European activists protest at meeting of European Health Ministers for access to new HCV drugs
Community press statement
On 22nd September, a coalition of leading European community health organisations protested against the limited access to new oral drugs to treat hepatitis C.
This involved a non-violent “sit-In” of people living with hepatitis C and their allies at the Mico Conference Center, Milan, to advocate for, and demand, a clear political and public health commitment and leadership from the twenty eight member states of the European Union and from the European Commission itself.

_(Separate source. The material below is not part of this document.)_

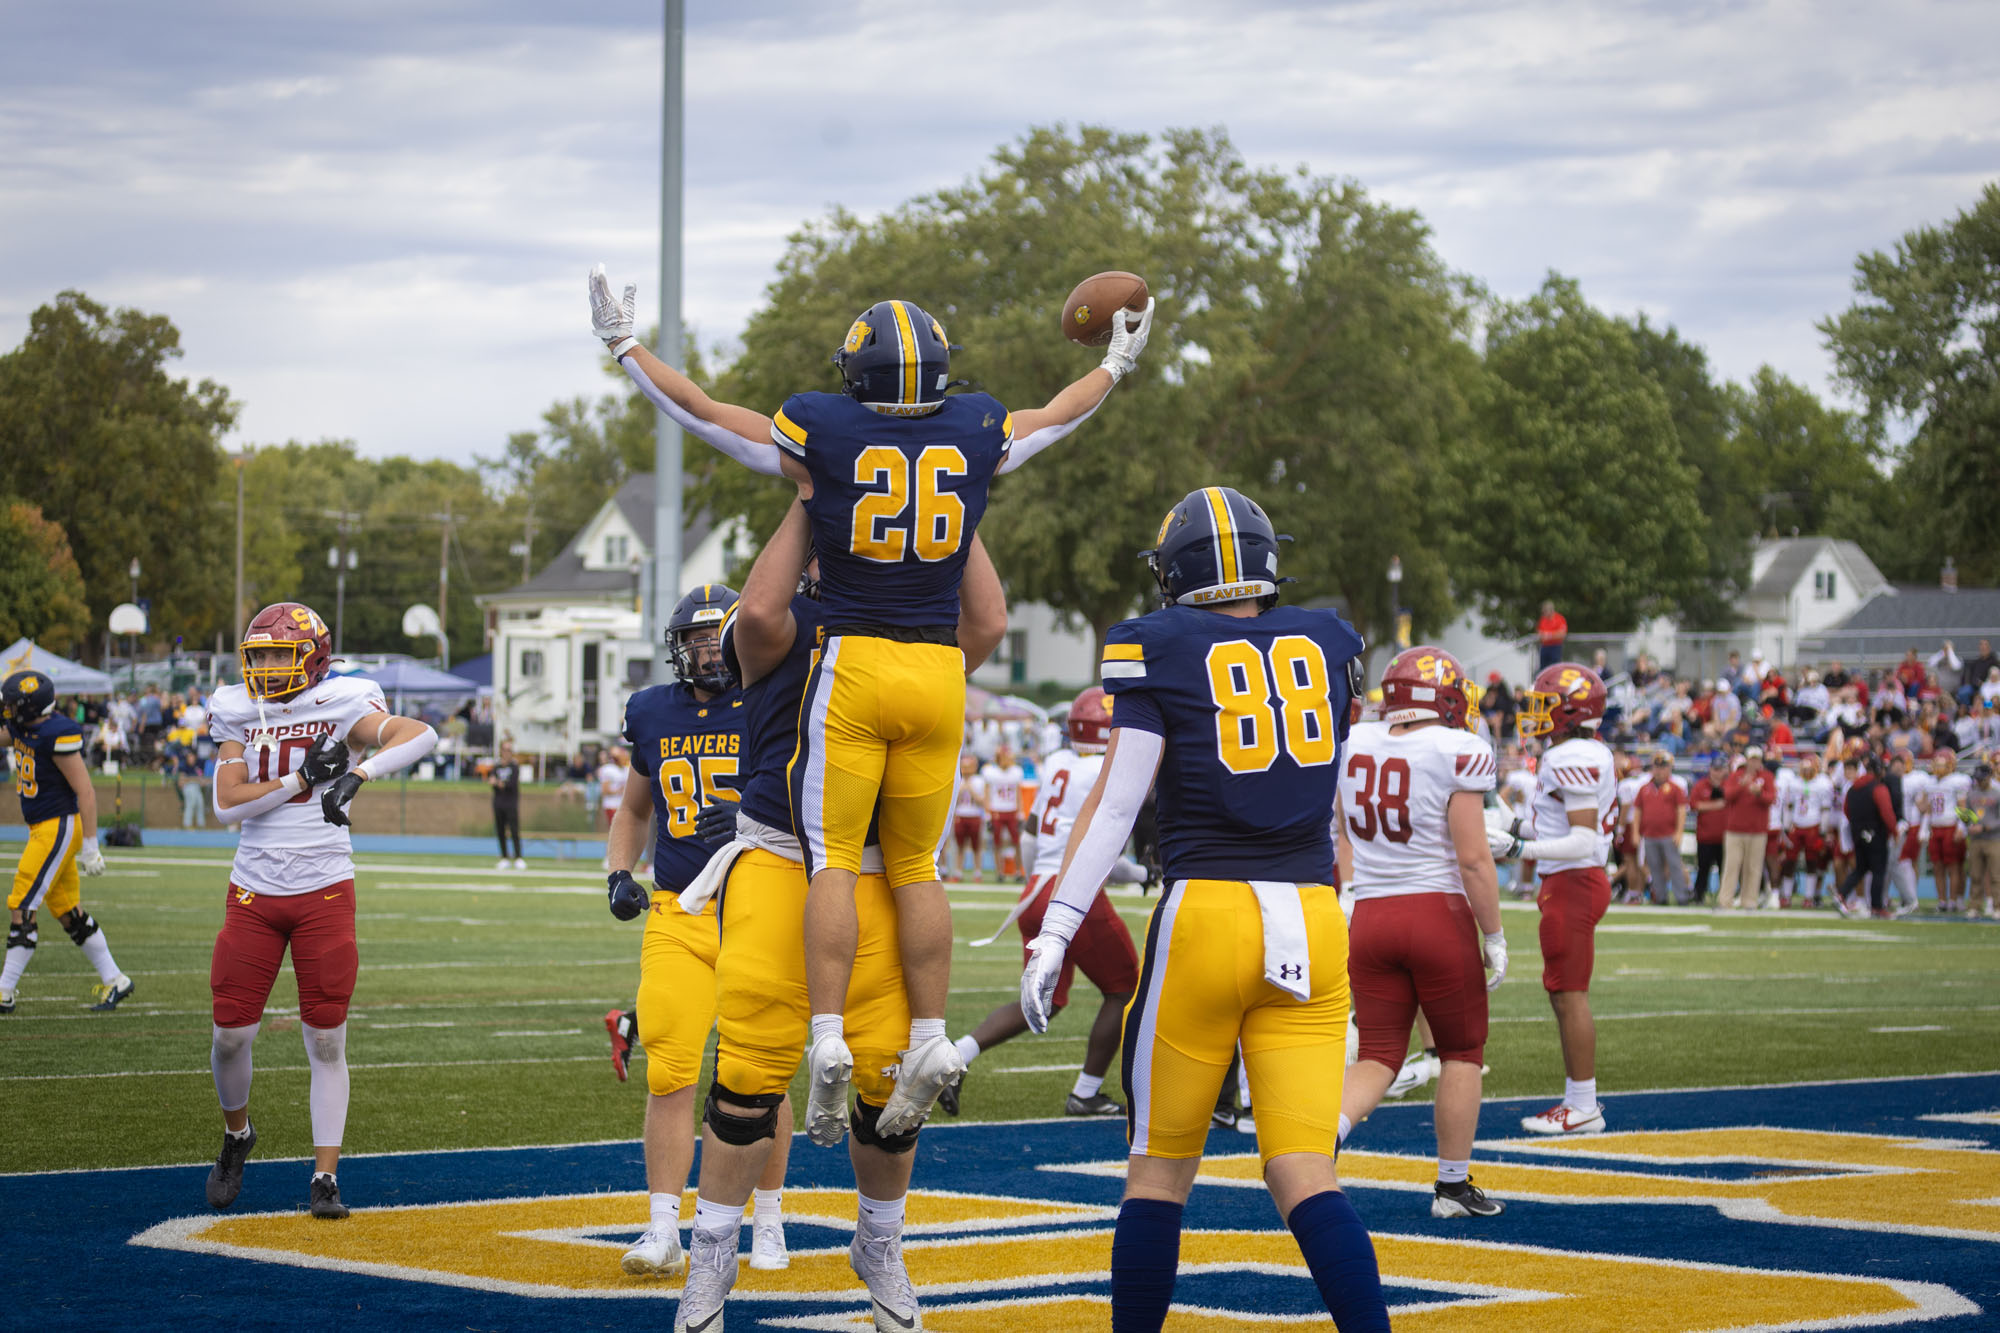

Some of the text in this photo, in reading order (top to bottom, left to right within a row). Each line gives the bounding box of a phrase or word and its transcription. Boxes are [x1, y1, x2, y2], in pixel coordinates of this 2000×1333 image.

Activist demands included:
- To ensure, that all patients in serious clinical situations have immediate access to more effective therapeutic combinations of DAAs without interferon in compassionate, free use when there is no Market Introduction Authorisation (MIA) and no current adequate alternatives;
- To commit publicly to provide treatment over the next fifteen years to all, with the best available combination therapies for the elimination of hepatitis C in a sustainable and affordable way in all European health care systems;
- To allocate financial and technical resources to prevent, diagnose and treat hepatitis C, with a view to its elimination;
- To invest in the diagnosis and referral to health care of all people living with hepatitis C;
- To promote evidence and human rights based drug policies that ensure the access of people who use drugs, the group most affected group by hepatitis C, to treatment;
- To engage in meaningful conversations with the pharmaceutical companies and involve community leaders, including representatives of organisations of people who use drugs, in the process of finding fast and sustainable solutions to providing universal access to hepatitis C treatment.
Organisations involved included: EpaC, ELPA, LILA, Nadir, European Civil Society Forum on HIV/AIDS, EATG, Aids Action Europe, ELPA, World Hepatitis Alliance, INPUD, Correlation Network, Eurasian and European Harm Reduction Networks and International Harm Reduction Association (IHRA).